Il y a quatre piles de fondation, une par couleur. Chacune se construit dans l'ordre — As, 2, 3, et ainsi de suite jusqu'au Roi. Comme les as sont coincés au fond des colonnes, aucune fondation ne peut démarrer avant que vous ayez dégagé une colonne jusqu'à sa base. Une fois posée, une carte y reste, et les cartes gagnantes montent automatiquement.

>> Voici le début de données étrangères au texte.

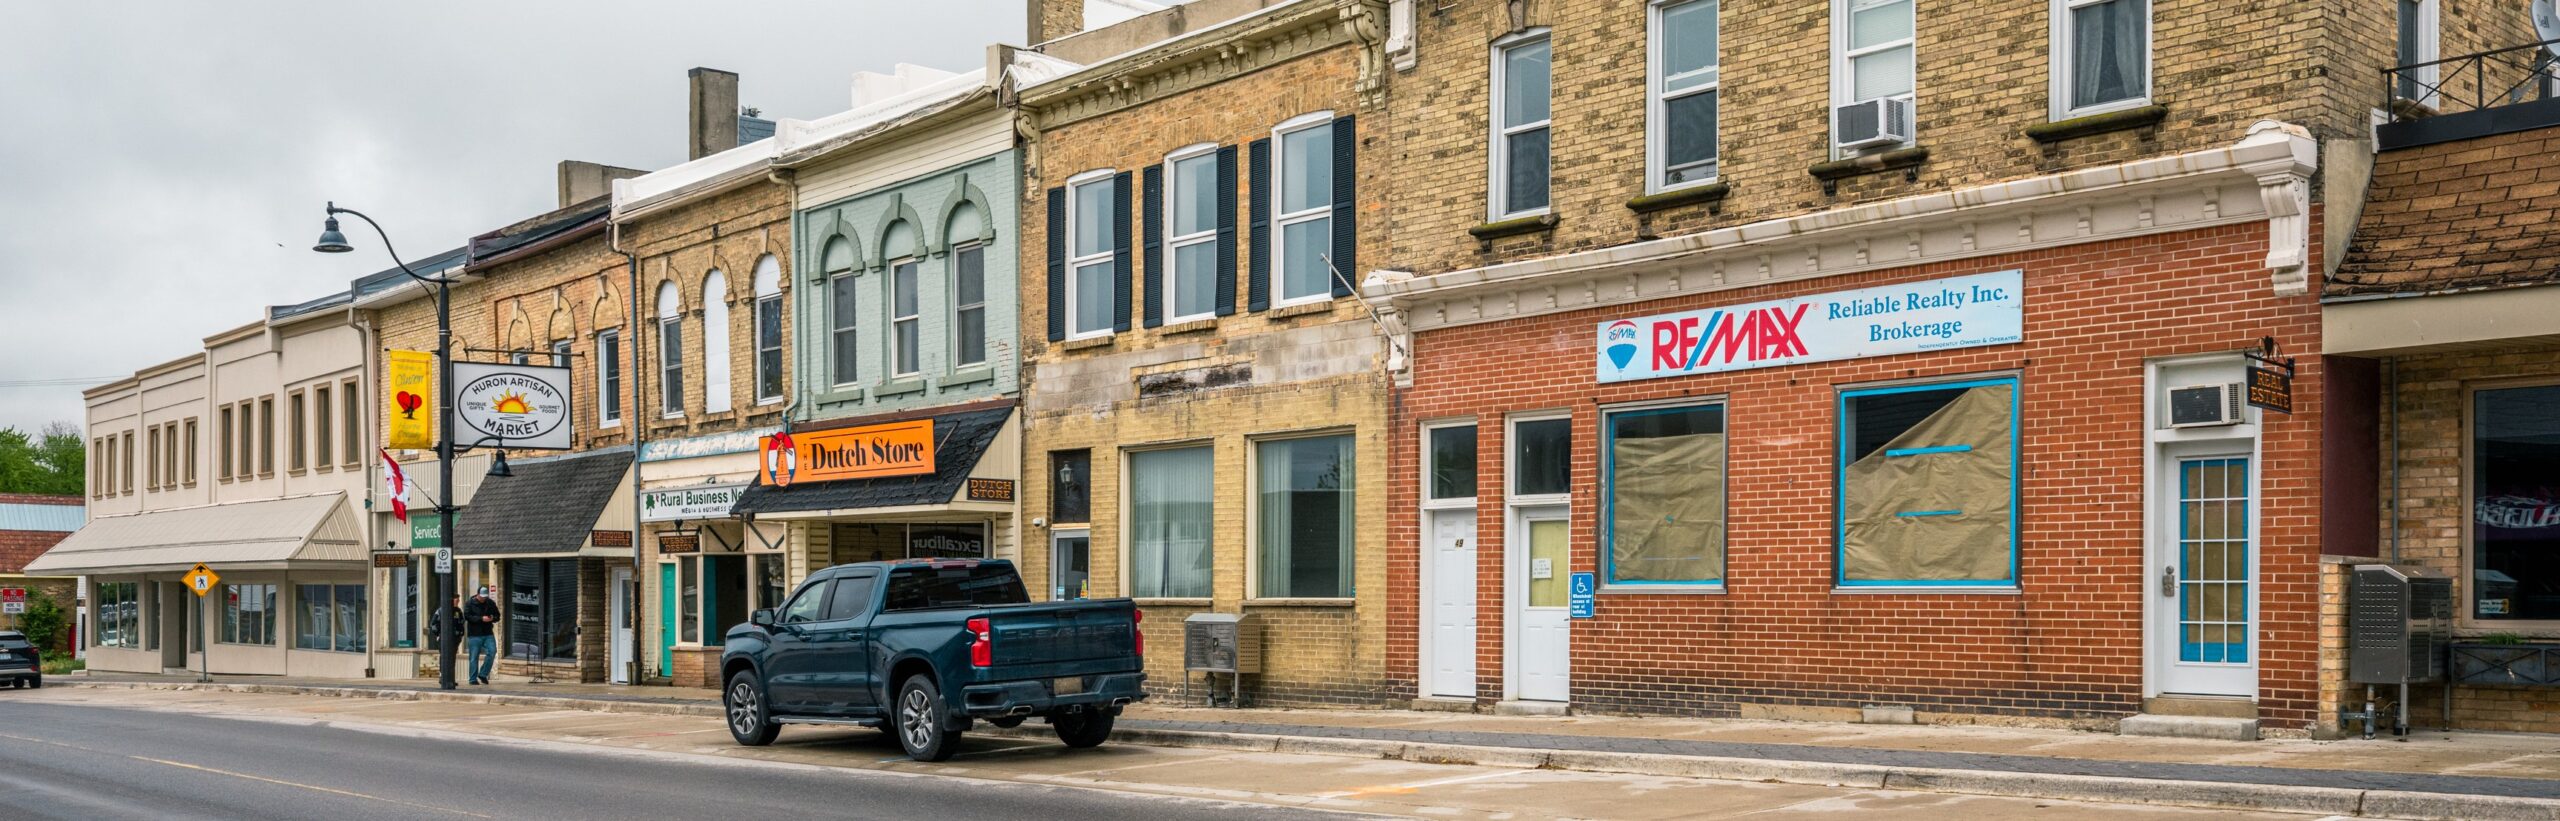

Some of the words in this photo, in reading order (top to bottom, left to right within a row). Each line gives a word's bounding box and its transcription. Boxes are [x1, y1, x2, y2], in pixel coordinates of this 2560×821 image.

Huit colonnes, chaque carte face visible. Construisez en descendant par couleurs alternées : la seule carte pouvant être posée sur un 8 rouge est donc un 7 noir. Vous pouvez déplacer une suite d'un seul coup, mais seulement autant de cartes que vos cellules libres et vos colonnes vides permettraient de déplacer une par une. Dans Challenge FreeCell, une colonne vide est un joker : n'importe quelle carte, ou une suite valide menée par n'importe quelle carte, peut y être placée.
Quatre cellules libres, chacune contenant une seule carte. Placez n'importe quelle carte disponible dans une cellule vide pour la mettre de côté, puis rejouez-la sur une colonne ou une fondation au bon moment. Moins vous occupez de cellules, plus les suites que vous pouvez déplacer sont longues.